On pourrait me dire que tous les défauts que je relève n'en sont pas. Me dire que c'est le principe d'un jeu vidéo post-apo de crafter et buter survivants et infectés. Et c'est vrai. Pour un jeu-vidéo lambda. Seulement, voilà : The Last Of Us transcende le simple jeu vidéo. Il est au delà de ça, comme peut l'être toute œuvre d'exception, qu'importe le type d'art ; il vole au dessus de ses congénères. Il est donc dommage que son énorme potentiel ne soit que partiellement abouti, freiné par les poncifs qu'il s'impose.


Devant The Last Of Us, je suis passé du stress intense à la contemplation la plus poétique. J'ai senti mon cœur s'accélérer, ma vie en danger sans quitter mon fauteuil.
Je me suis attaché à deux personnages de fiction d'une manière si profonde... que je l'ignorais jusque là possible. Puis j'ai subi, désarmé, la conclusion de leur périple.
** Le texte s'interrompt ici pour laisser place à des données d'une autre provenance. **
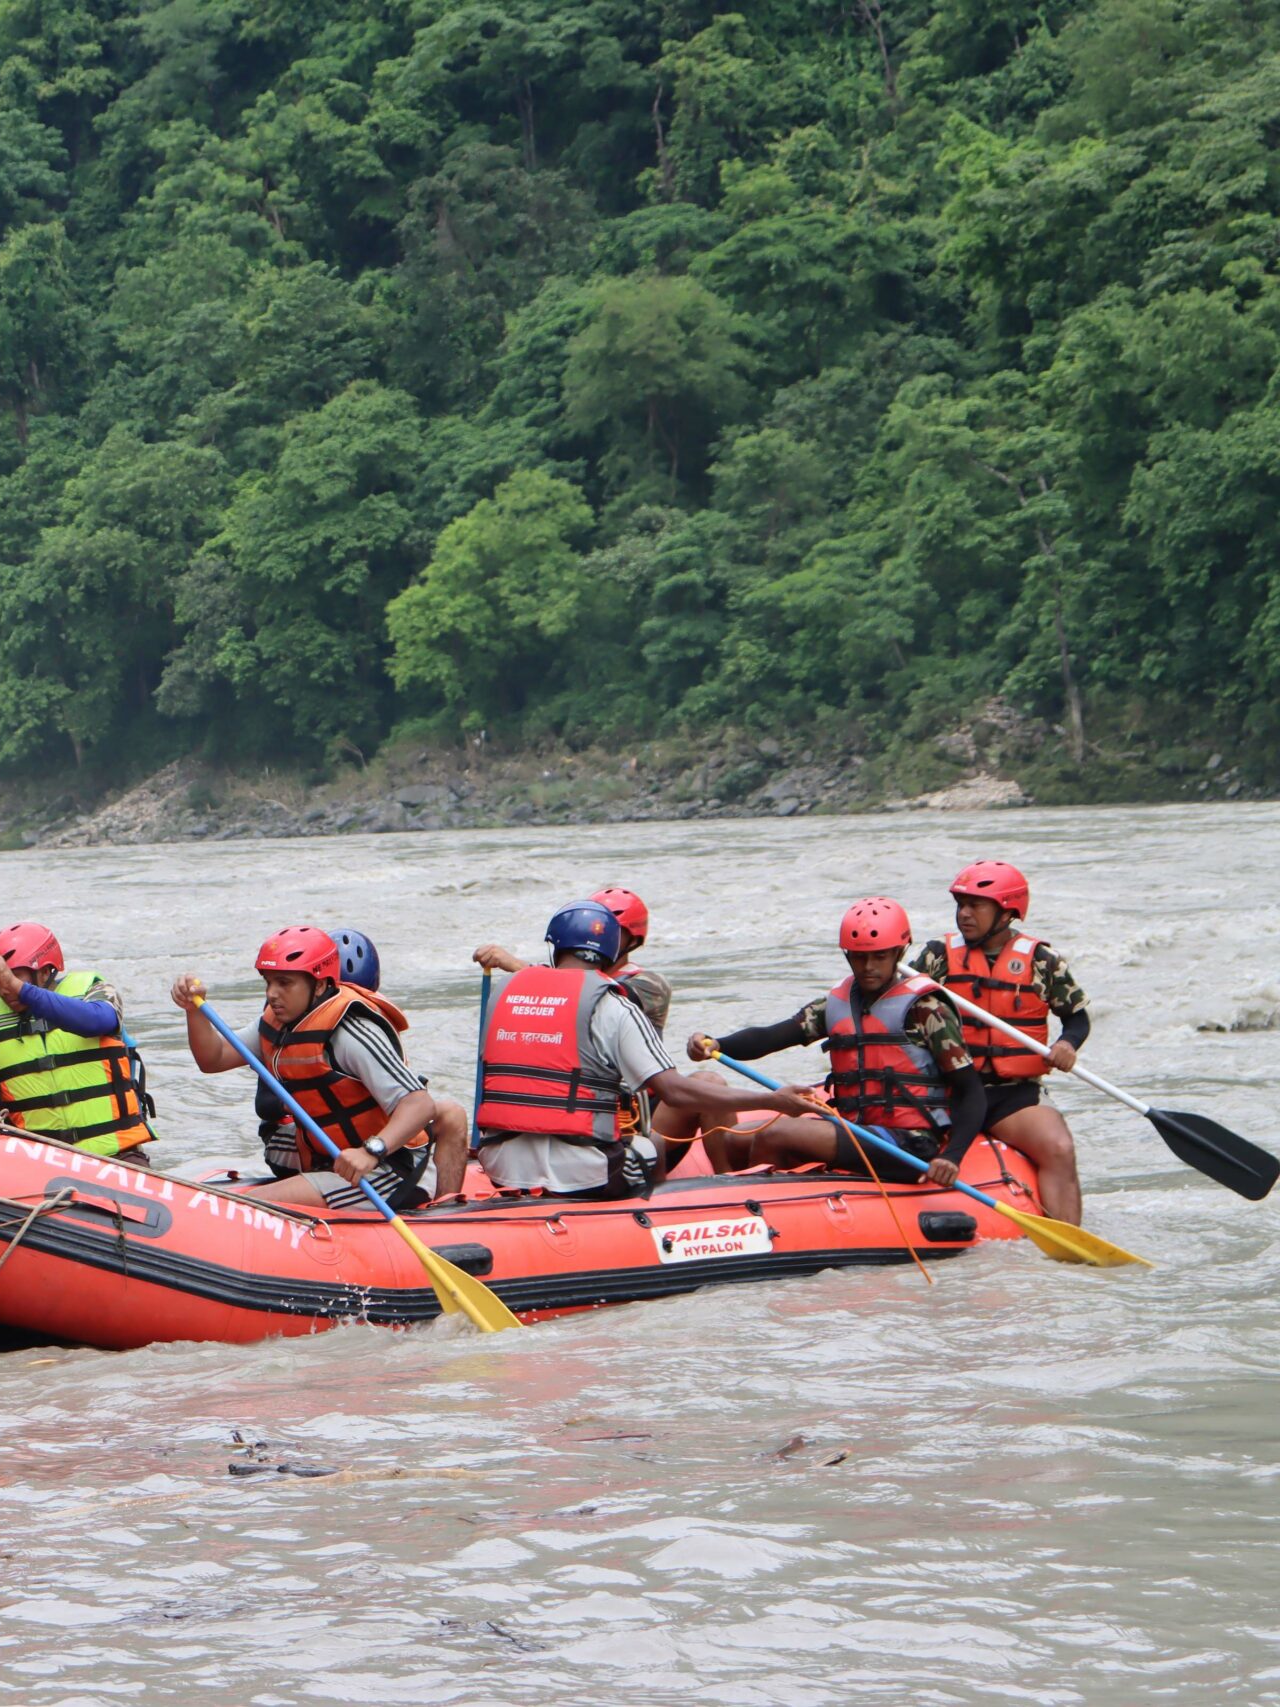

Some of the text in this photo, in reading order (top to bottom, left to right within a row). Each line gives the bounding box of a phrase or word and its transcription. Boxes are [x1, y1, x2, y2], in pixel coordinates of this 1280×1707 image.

Soufflé, j'ai regardé le générique défiler, paraissant si irréel après le choc.


J'espère que Naughty Dog saura un jour renouveler l'exploit. Parce que faire du post-apo, c'est facile. Mais réaliser une œuvre d'art aussi touchante, immersive et cruement violente que celle-ci, c'est très talentueux.


La version en ligne n'a pas le moindre intérêt. Je lui aurais préféré un mode coop à l'ancienne, en écran partagé. Attention, pas le même que l'histoire solo, qui doit se vivre seule pour être pleinement savourée. Mais pouvoir jouer à deux dans cet univers, au sein d'une autre aventure, portée par d'autres personnages... Eut été savoureux. On peut toujours rêver ! héhé.
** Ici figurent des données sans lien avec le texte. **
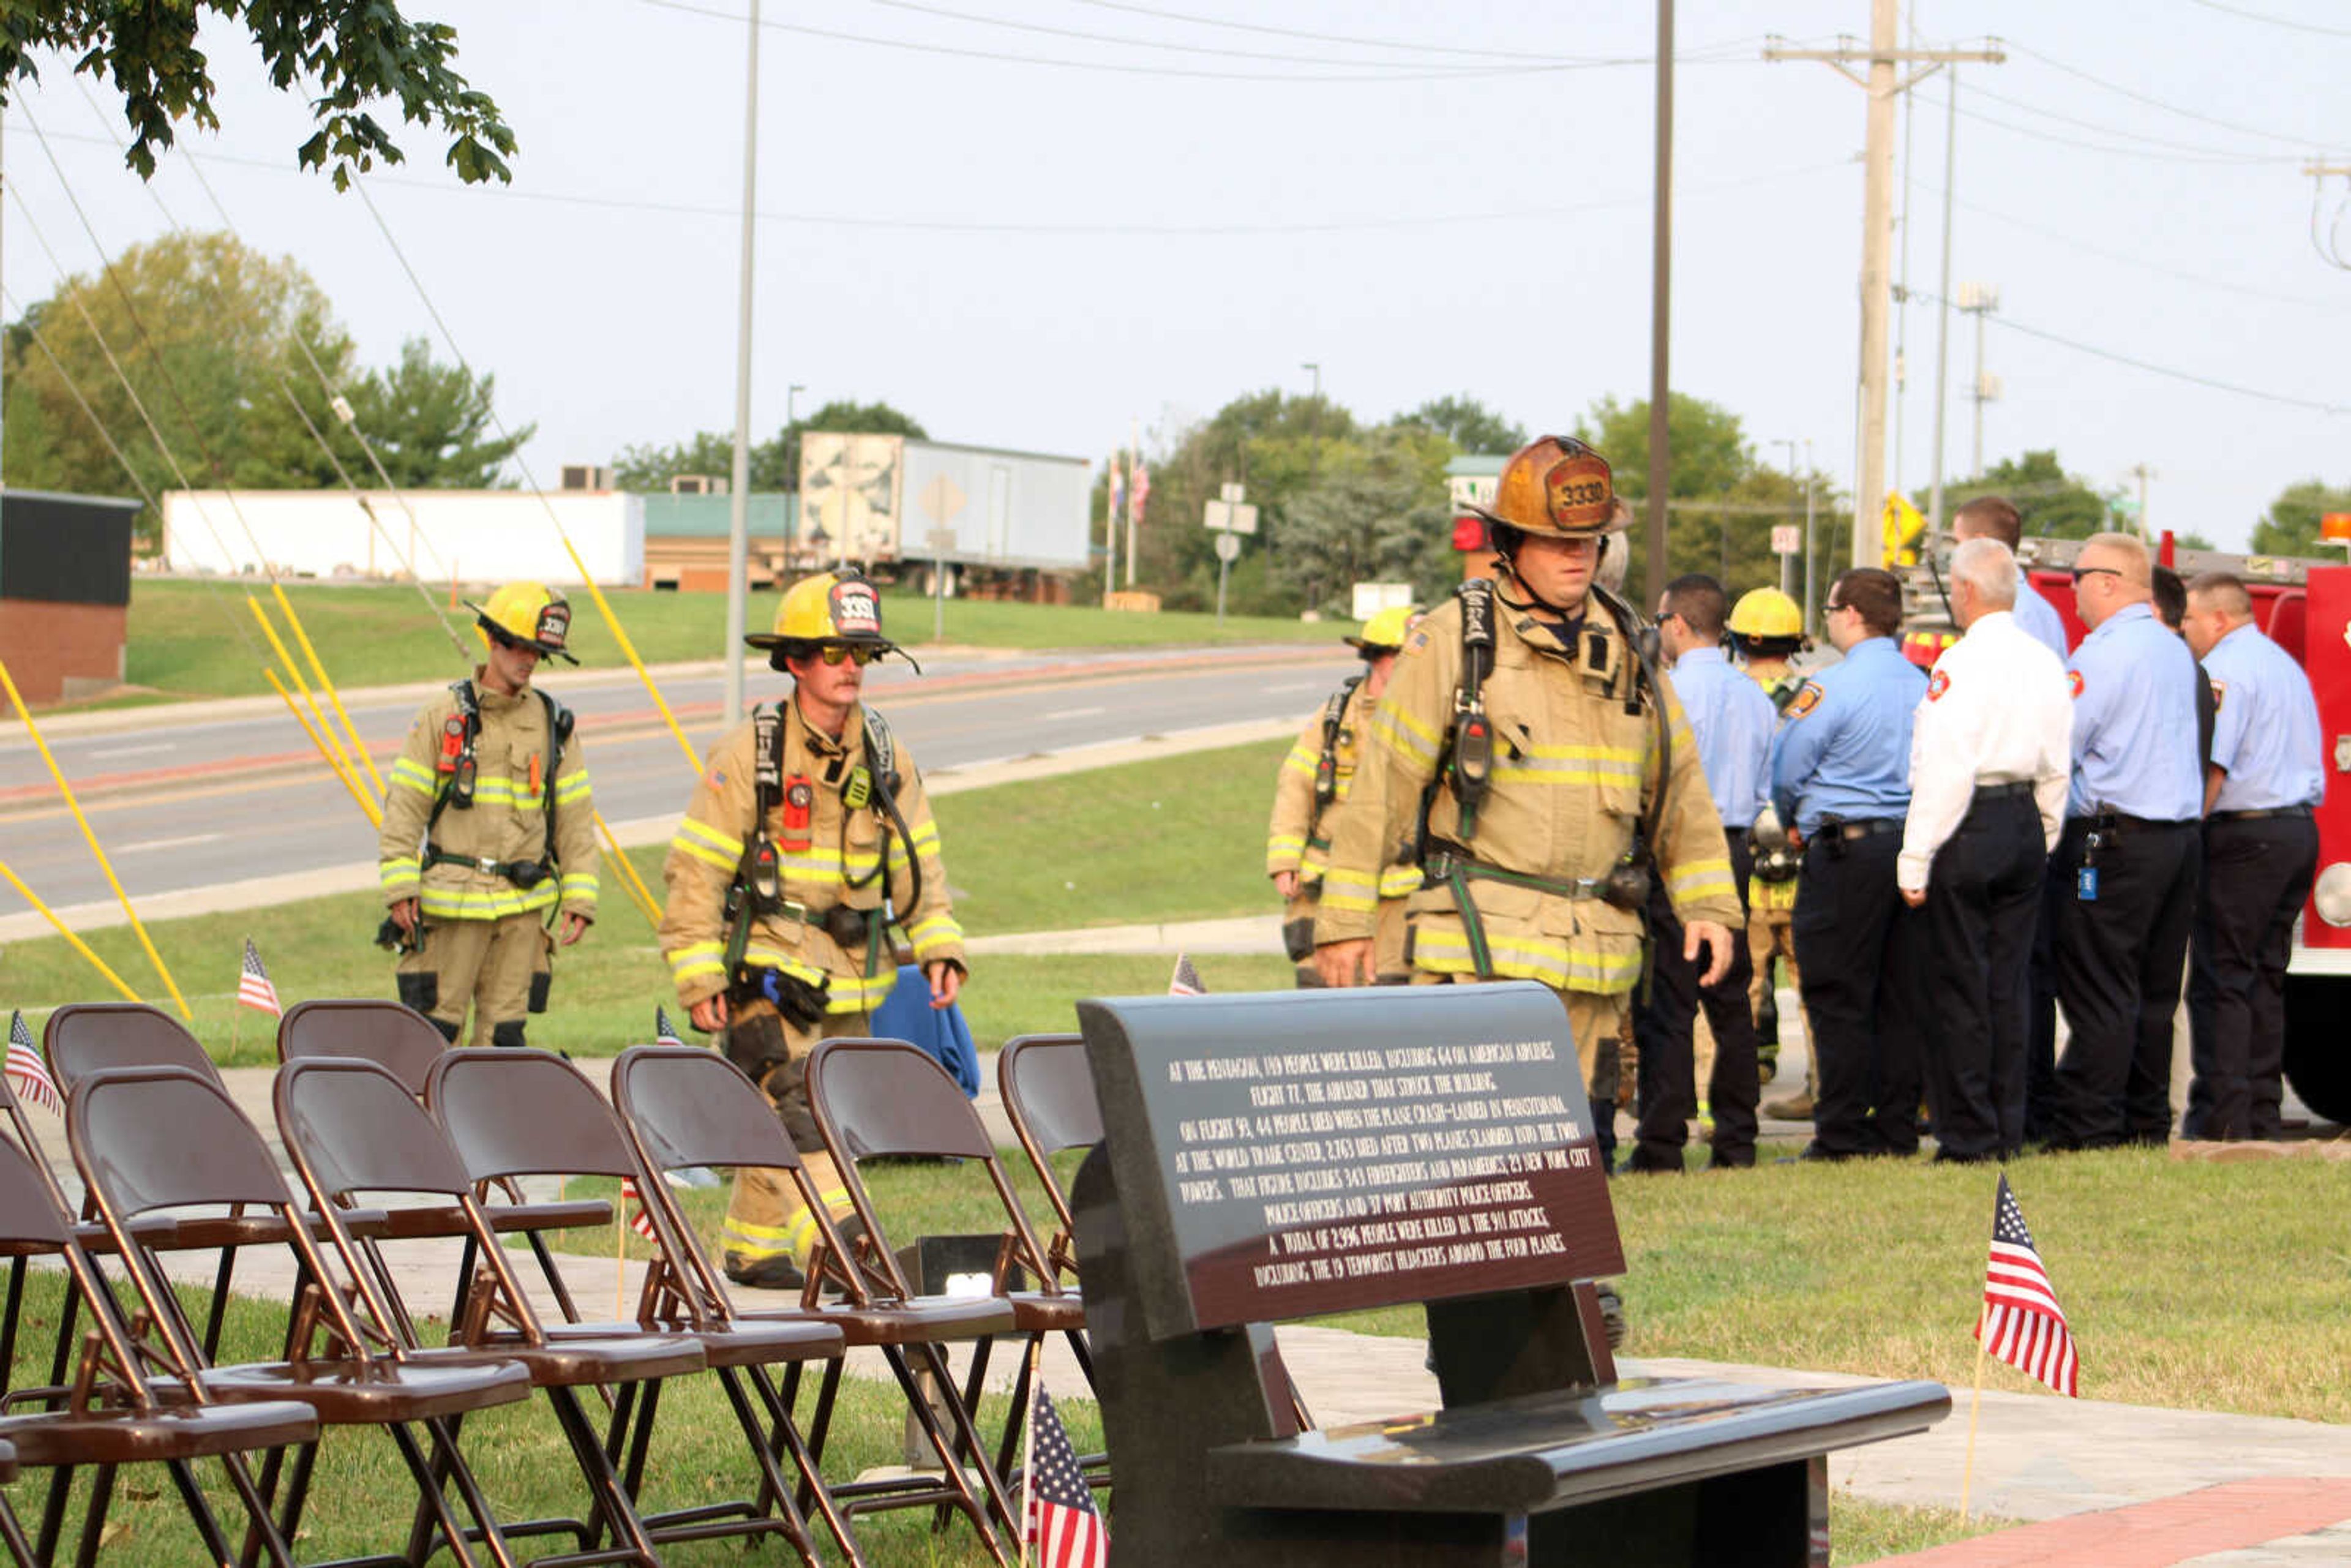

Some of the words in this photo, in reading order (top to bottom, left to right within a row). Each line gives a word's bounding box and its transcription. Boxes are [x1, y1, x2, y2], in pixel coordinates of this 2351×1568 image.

[1561, 481, 1605, 507] 3330
[1169, 1061, 1182, 1081] AT
[1183, 1060, 1206, 1080] THE
[1283, 1054, 1321, 1074] PEOPLE
[1319, 1052, 1349, 1071] WERE
[1385, 1048, 1436, 1067] INCLUDING
[1438, 1046, 1452, 1065] 64
[1452, 1046, 1468, 1064] ON
[1469, 1044, 1513, 1063] AMERICAN
[1516, 1041, 1554, 1060] AIRLINES
[1250, 1085, 1284, 1105] FLIGHT
[1303, 1082, 1325, 1102] THE
[1327, 1080, 1369, 1100] AIRLINER
[1370, 1078, 1395, 1097] THAT
[1396, 1076, 1433, 1096] STRUCK
[1433, 1075, 1453, 1093] THE
[1180, 1121, 1198, 1141] ON
[1198, 1119, 1234, 1139] FLIGHT
[1256, 1117, 1272, 1135] 44
[1272, 1113, 1310, 1134] PEOPLE
[1310, 1111, 1333, 1131] DIED
[1333, 1109, 1363, 1128] WHEN
[1362, 1108, 1382, 1127] THE
[1381, 1106, 1413, 1125] PLANE
[1488, 1100, 1501, 1117] IN
[1176, 1152, 1188, 1172] AT
[1190, 1150, 1213, 1171] THE
[1212, 1148, 1249, 1168] WORLD
[1250, 1144, 1284, 1165] TRADE
[1354, 1137, 1379, 1157] DIED
[1381, 1135, 1409, 1154] AFTER
[1411, 1133, 1433, 1152] TWO
[1434, 1130, 1469, 1150] PLANES
[1469, 1127, 1513, 1147] SLAMMED
[1514, 1125, 1538, 1144] INTO
[1537, 1123, 1557, 1142] THE
[1557, 1122, 1580, 1141] TWIN
[1229, 1177, 1256, 1197] THAT
[1258, 1174, 1294, 1195] FIGURE
[1294, 1169, 1343, 1191] INCLUDES
[1344, 1167, 1366, 1187] 343
[1366, 1162, 1428, 1185] FIREFIGHTERS
[1430, 1160, 1450, 1180] AND
[1507, 1153, 1521, 1172] 23
[1521, 1150, 1542, 1171] NEW
[1543, 1150, 1569, 1168] YORK
[1570, 1149, 1589, 1166] CITY
[1264, 1202, 1301, 1226] POLICE
[1299, 1198, 1344, 1221] OFFICERS
[1346, 1196, 1368, 1216] AND
[1368, 1194, 1381, 1214] 37
[1382, 1191, 1406, 1212] PORT
[1406, 1188, 1458, 1209] AUTHORITY
[1459, 1185, 1491, 1204] POLICE
[1269, 1236, 1278, 1254] A
[1282, 1232, 1316, 1252] TOTAL
[1316, 1229, 1329, 1248] OF
[1331, 1226, 1360, 1248] 2,996
[1360, 1223, 1397, 1244] PEOPLE
[1396, 1220, 1423, 1239] WERE
[1423, 1217, 1457, 1237] KILLED
[1458, 1215, 1471, 1234] IN
[1472, 1213, 1491, 1231] THE
[1254, 1262, 1309, 1285] INCLUDING
[1311, 1259, 1331, 1278] THE
[1332, 1258, 1343, 1277] 19
[1345, 1253, 1393, 1274] TERRORIST
[1395, 1247, 1446, 1269] HIJACKERS
[1449, 1243, 1484, 1262] ABOARD
[1485, 1240, 1504, 1258] THE
[1504, 1238, 1527, 1256] FOUR
L'extension Left Behind, sur Ellie, quand à elle, est assez grossière et inutile. À mon sens, elle ne fait que raconter ce qu'on se contentait volontiers d'imaginer, au même titre que le passé de tous les personnages. Son seul intérêt : proposer des scènes d'action où se mêlent infestés et survivants : une énorme lacune de l'histoire principale.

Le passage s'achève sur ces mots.